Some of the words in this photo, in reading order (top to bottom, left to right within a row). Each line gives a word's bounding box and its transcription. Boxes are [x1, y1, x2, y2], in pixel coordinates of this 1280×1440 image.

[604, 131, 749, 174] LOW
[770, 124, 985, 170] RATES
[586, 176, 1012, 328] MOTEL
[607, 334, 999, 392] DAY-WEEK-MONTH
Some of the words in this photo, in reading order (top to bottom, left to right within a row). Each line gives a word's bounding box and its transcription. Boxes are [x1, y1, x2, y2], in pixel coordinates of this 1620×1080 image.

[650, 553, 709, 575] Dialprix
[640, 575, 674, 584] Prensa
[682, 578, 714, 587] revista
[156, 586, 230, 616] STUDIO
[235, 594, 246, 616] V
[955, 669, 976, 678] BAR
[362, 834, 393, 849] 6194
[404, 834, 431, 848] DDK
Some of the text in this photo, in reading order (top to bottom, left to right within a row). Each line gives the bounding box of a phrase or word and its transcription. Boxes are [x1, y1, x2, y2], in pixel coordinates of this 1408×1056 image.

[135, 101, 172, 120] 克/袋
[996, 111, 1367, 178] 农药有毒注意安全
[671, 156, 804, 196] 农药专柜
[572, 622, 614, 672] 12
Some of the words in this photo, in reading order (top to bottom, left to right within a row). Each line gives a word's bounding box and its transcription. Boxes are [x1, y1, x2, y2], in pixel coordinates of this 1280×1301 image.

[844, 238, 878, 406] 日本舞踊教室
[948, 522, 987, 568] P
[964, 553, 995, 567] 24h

→ **What the task requires**
Using the entries above, restate word for word every line from the one that contains "Some of the text" through the last.

→ **Task response**
Some of the text in this photo, in reading order (top to bottom, left to right within a row). Each line gives the bounding box of a phrase or word and its transcription. Boxes are [x1, y1, x2, y2], in pixel coordinates of this 1408×1056 image.

[135, 101, 172, 120] 克/袋
[996, 111, 1367, 178] 农药有毒注意安全
[671, 156, 804, 196] 农药专柜
[572, 622, 614, 672] 12
Some of the words in this photo, in reading order (top to bottom, left to right within a row). Each line gives a word's bounding box and its transcription. Boxes are [x1, y1, x2, y2], in pixel coordinates of this 1280×1301 image.

[844, 238, 878, 406] 日本舞踊教室
[948, 522, 987, 568] P
[964, 553, 995, 567] 24h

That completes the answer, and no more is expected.